## WHAT YOU HAVE TO DO
Without any change, set down every record below.

──────────

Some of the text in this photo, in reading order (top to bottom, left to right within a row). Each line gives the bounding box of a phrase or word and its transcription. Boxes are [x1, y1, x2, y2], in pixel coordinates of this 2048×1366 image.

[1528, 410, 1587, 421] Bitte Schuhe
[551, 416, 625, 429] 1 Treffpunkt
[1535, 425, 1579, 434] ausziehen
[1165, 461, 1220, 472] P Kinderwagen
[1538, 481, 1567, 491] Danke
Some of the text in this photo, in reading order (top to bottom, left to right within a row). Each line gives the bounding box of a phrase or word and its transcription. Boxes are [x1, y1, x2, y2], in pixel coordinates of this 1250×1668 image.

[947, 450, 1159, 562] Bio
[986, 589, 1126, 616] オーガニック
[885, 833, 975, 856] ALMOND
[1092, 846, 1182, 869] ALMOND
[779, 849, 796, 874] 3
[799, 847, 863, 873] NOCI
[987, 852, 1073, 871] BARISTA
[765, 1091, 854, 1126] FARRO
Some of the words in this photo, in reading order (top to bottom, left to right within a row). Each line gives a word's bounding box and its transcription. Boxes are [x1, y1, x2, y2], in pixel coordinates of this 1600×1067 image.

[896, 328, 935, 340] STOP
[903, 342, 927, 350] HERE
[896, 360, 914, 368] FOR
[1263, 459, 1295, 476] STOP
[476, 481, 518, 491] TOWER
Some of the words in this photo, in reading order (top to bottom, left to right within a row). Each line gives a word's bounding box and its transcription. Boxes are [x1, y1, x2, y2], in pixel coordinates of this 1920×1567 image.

──────────

## RESULT
Some of the text in this photo, in reading order (top to bottom, left to right within a row). Each line gives the bounding box of a phrase or word and its transcription. Boxes are [x1, y1, x2, y2], in pixel coordinates of this 2048×1366 image.

[1528, 410, 1587, 421] Bitte Schuhe
[551, 416, 625, 429] 1 Treffpunkt
[1535, 425, 1579, 434] ausziehen
[1165, 461, 1220, 472] P Kinderwagen
[1538, 481, 1567, 491] Danke
Some of the text in this photo, in reading order (top to bottom, left to right within a row). Each line gives the bounding box of a phrase or word and its transcription. Boxes are [x1, y1, x2, y2], in pixel coordinates of this 1250×1668 image.

[947, 450, 1159, 562] Bio
[986, 589, 1126, 616] オーガニック
[885, 833, 975, 856] ALMOND
[1092, 846, 1182, 869] ALMOND
[779, 849, 796, 874] 3
[799, 847, 863, 873] NOCI
[987, 852, 1073, 871] BARISTA
[765, 1091, 854, 1126] FARRO
Some of the words in this photo, in reading order (top to bottom, left to right within a row). Each line gives a word's bounding box and its transcription. Boxes are [x1, y1, x2, y2], in pixel coordinates of this 1600×1067 image.

[896, 328, 935, 340] STOP
[903, 342, 927, 350] HERE
[896, 360, 914, 368] FOR
[1263, 459, 1295, 476] STOP
[476, 481, 518, 491] TOWER
Some of the words in this photo, in reading order (top to bottom, left to right within a row). Each line gives a word's bounding box and its transcription. Boxes are [x1, y1, x2, y2], in pixel coordinates of this 1920×1567 image.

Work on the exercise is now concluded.